- WORK ITEM: Print the data that follows word for word, leaving out any picture.

- DATA PROVIDED:
┌──
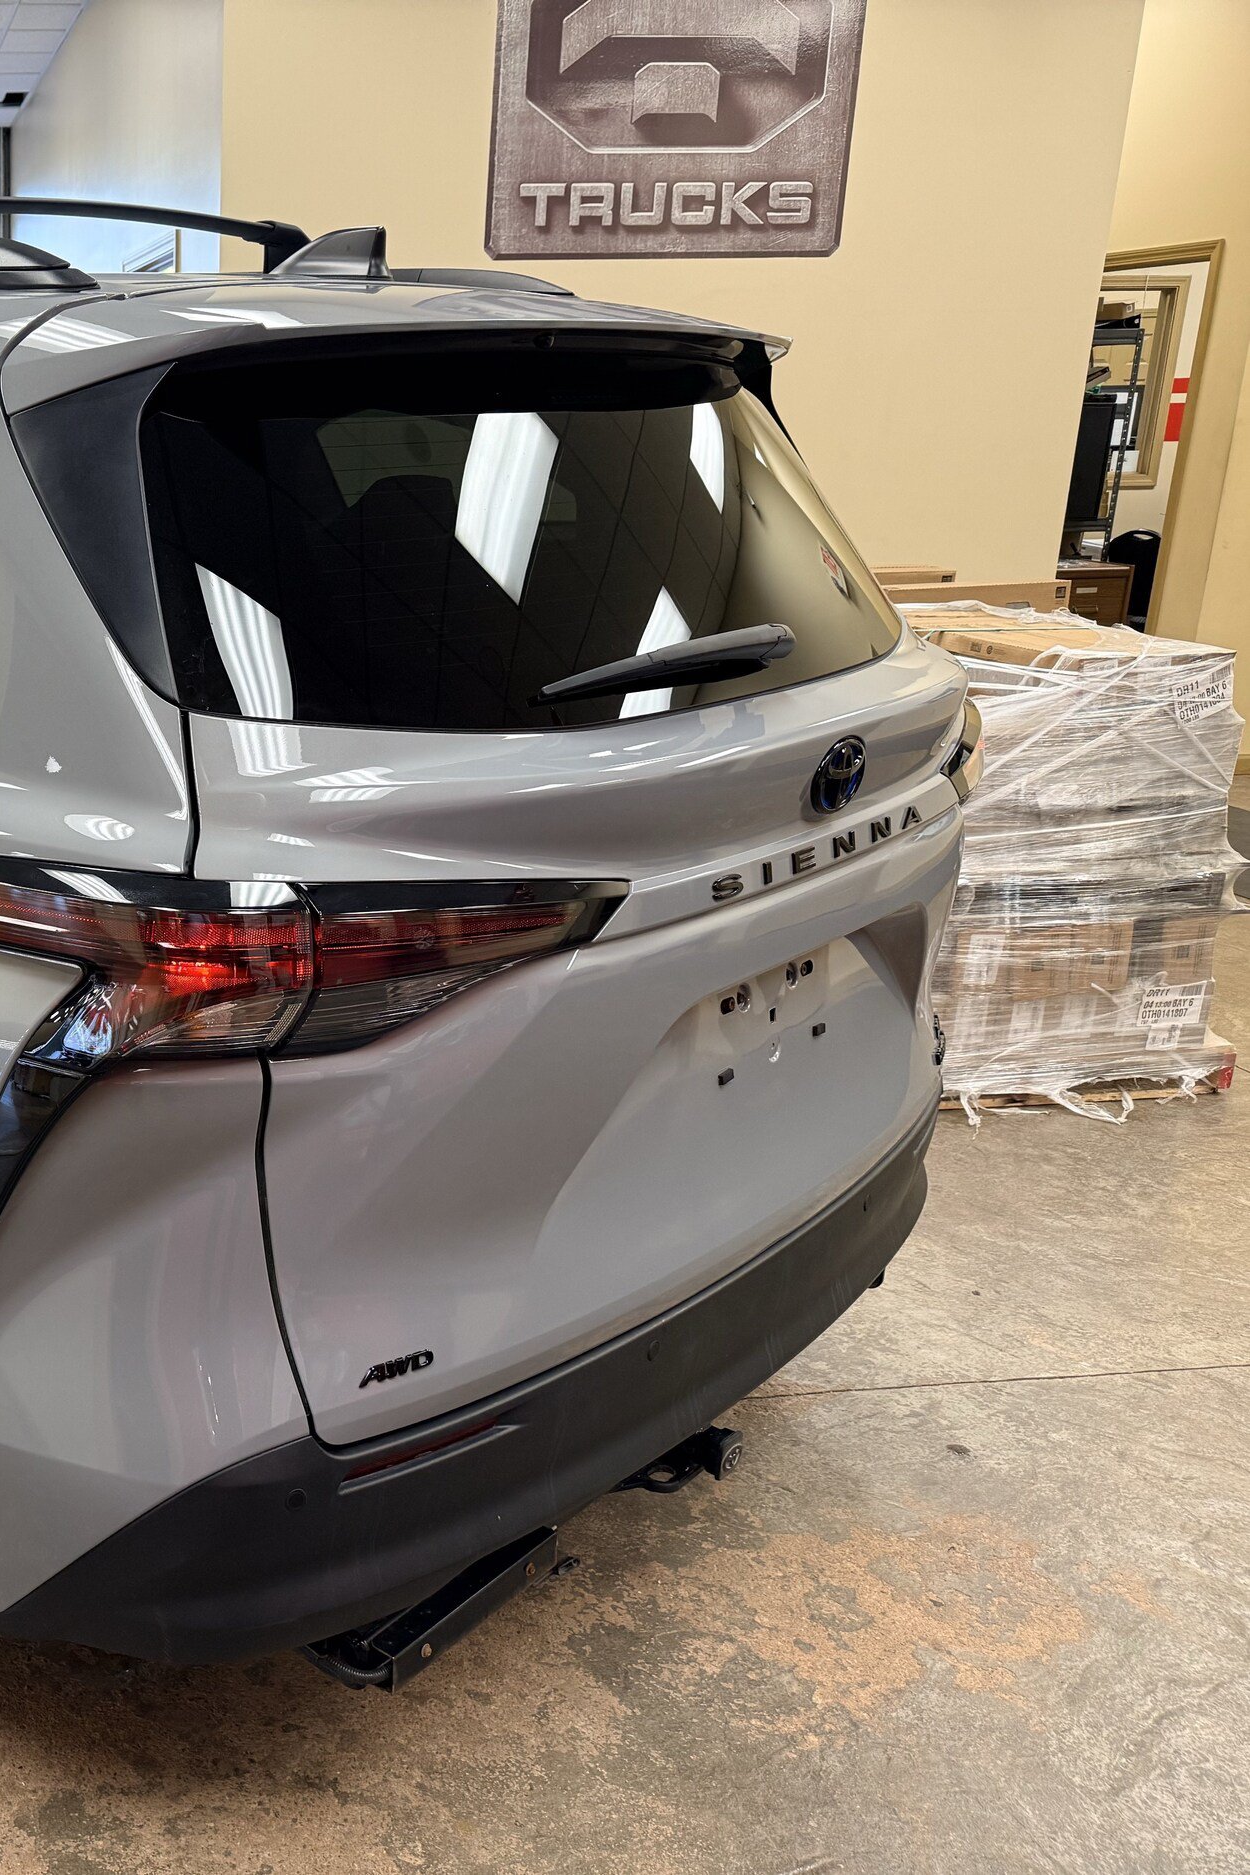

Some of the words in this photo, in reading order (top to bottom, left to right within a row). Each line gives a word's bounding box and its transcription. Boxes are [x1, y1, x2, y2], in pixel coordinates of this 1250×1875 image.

[520, 181, 814, 228] TRUCKS
[1206, 683, 1220, 697] BAY
[1222, 680, 1227, 690] 6
[712, 805, 923, 901] SIENNA
[1146, 987, 1171, 997] DR11
[1172, 998, 1189, 1007] BAY
[1188, 997, 1195, 1007] 6
[358, 1348, 434, 1389] AWD
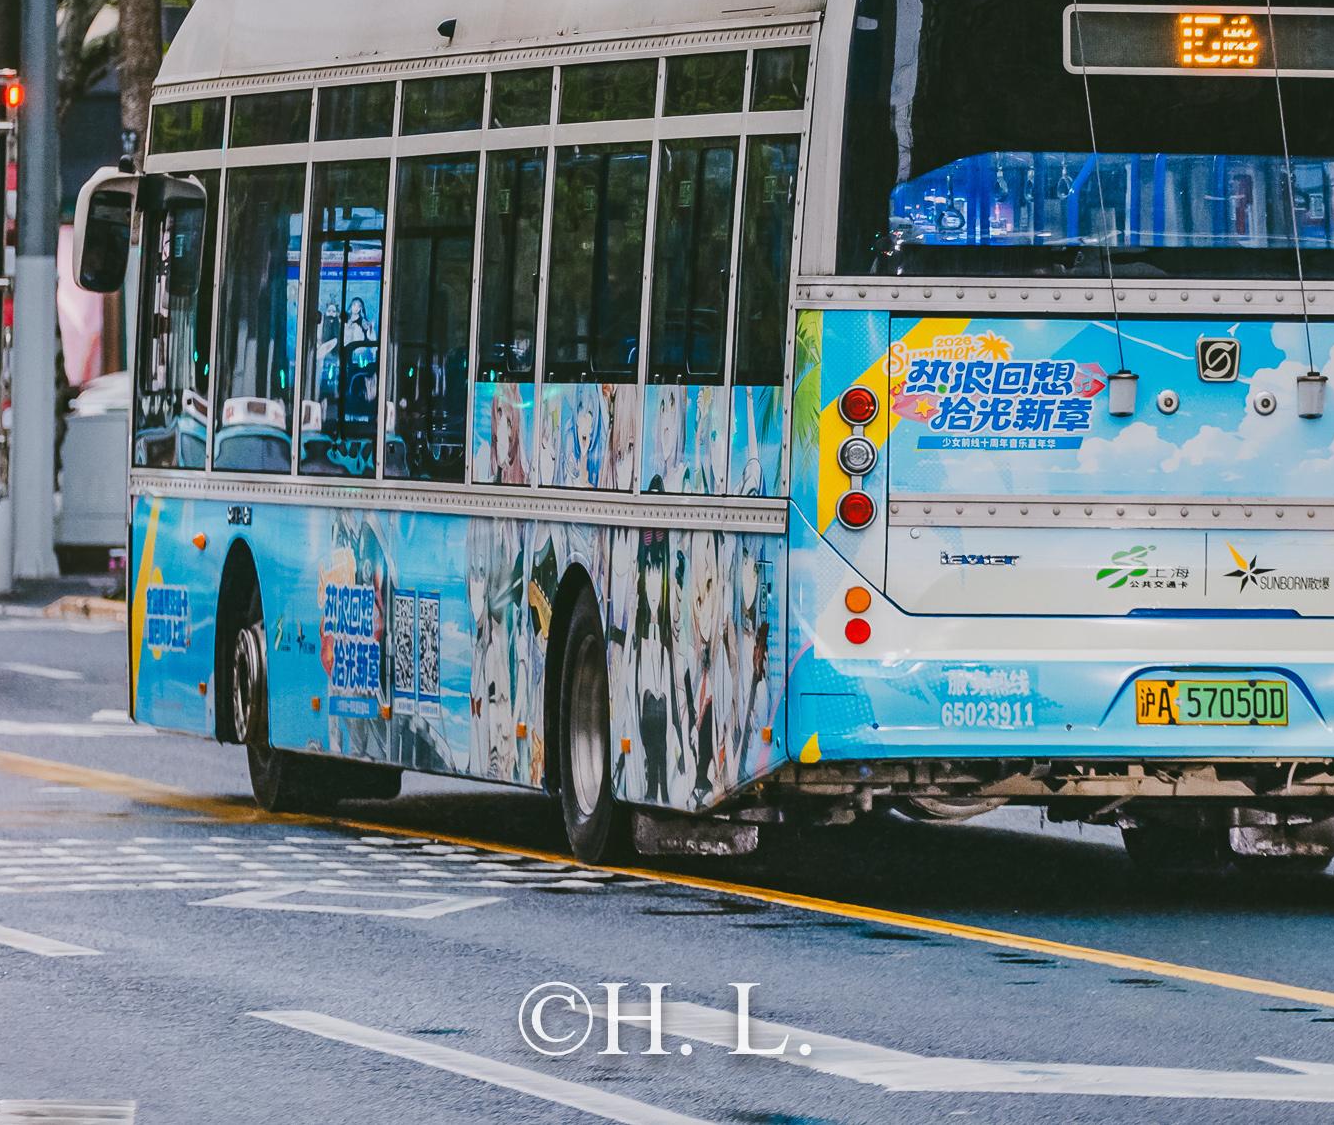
└──
- COMPLETED EXERCISE:
Some of the words in this photo, in reading order (top to bottom, left to right within a row). Each line gives a word's bounding box and its transcription. Boxes are [x1, y1, x2, y2], in pixel coordinates of this 1250×1875 image.

[520, 181, 814, 228] TRUCKS
[1206, 683, 1220, 697] BAY
[1222, 680, 1227, 690] 6
[712, 805, 923, 901] SIENNA
[1146, 987, 1171, 997] DR11
[1172, 998, 1189, 1007] BAY
[1188, 997, 1195, 1007] 6
[358, 1348, 434, 1389] AWD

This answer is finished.